Hypertrophy due to "overcompensation of protein synthesis" & ideal TUT

  1. Post Hypertrophy due to "overcompensation of protein synthesis" & ideal TUT


    I am curious as to anyones thoughts on both the theory and the Time Under Tension per set parameter mentioned in the Greg Bradley-Popovich book Rational Strength Training: Principles & Casebook quoted below:

    During the process of protein synthesis in any cell, energy is consumed in the form of adenosine triphosphate (ATP), the body's energy currency. Muscle contraction, like protein synthesis and the vast majority of other physiological processes, also consumes ATP. The moments of ATP shortage during protein synthesis (as a result of ATP being used for intense muscular contractions) are hypothesized to be of paramount importance. Supposedly, an unknown signal would report to the muscle cell nuclei ordering them to send more protein-building instructions back out into the cell. It is proposed that when a trained muscle attempts to "catch up" on its protein synthesis during rest, it inadvertently overshoots resulting in a supercompensation, or net increase, in the amount of muscle protein. The concept of this competition for energy, called the ATP Deficit Theory, is somewhat analogous to the glycogen supercompensation characteristic of trained muscles.

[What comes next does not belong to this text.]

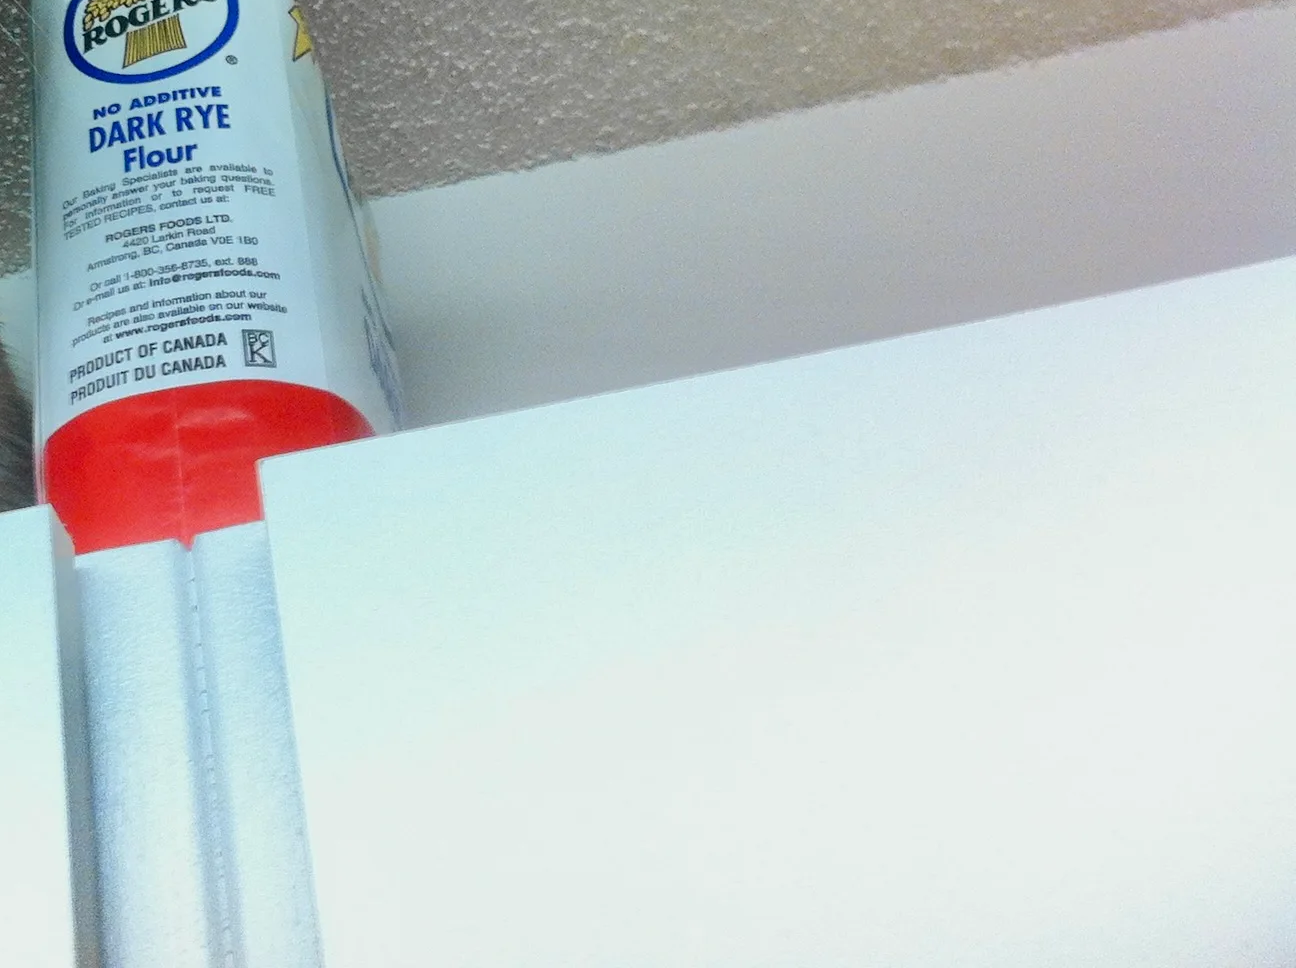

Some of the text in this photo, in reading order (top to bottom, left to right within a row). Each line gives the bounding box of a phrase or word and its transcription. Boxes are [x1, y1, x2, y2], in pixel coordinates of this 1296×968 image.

    Evidently, to promote muscle hypertrophy, the activity must be demanding enough to produce this effect. Low intensity endurance training will not sufficiently deplete ATP stores available for protein synthesis. ATP can actually regenerate itself that quickly. Conversely, if the tension time of a set is too brief apparently under 45 seconds (although this is debatable) while implementing very heavy weights ATP is taken up quickly, but not in proportion to muscle fatigue; again resulting in lack of ATP store depletion allocated for protein synthesis. This may explain why power and Olympic lifters increase strength (via skill acquisition/adaptive coordination) without the characteristic hypertrophy of bodybuilders. Hence, in order to maximize muscle growth, it is best that sets last at least 45 seconds, but not so long (over 2 minutes) as to promote a high endurance capacity and potential overuse atrophy.


    About the Author:

    Dr. Greg Bradley-Popovich holds dual master's degrees in Exercise Physiology and Human Nutrition from West Virginia University as well as a doctorate in Physical Therapy from Creighton University. He is the Director of Clinical Research at Northwest Spine Management, Rehabilitation, and Sports Conditioning in Portland, Oregon.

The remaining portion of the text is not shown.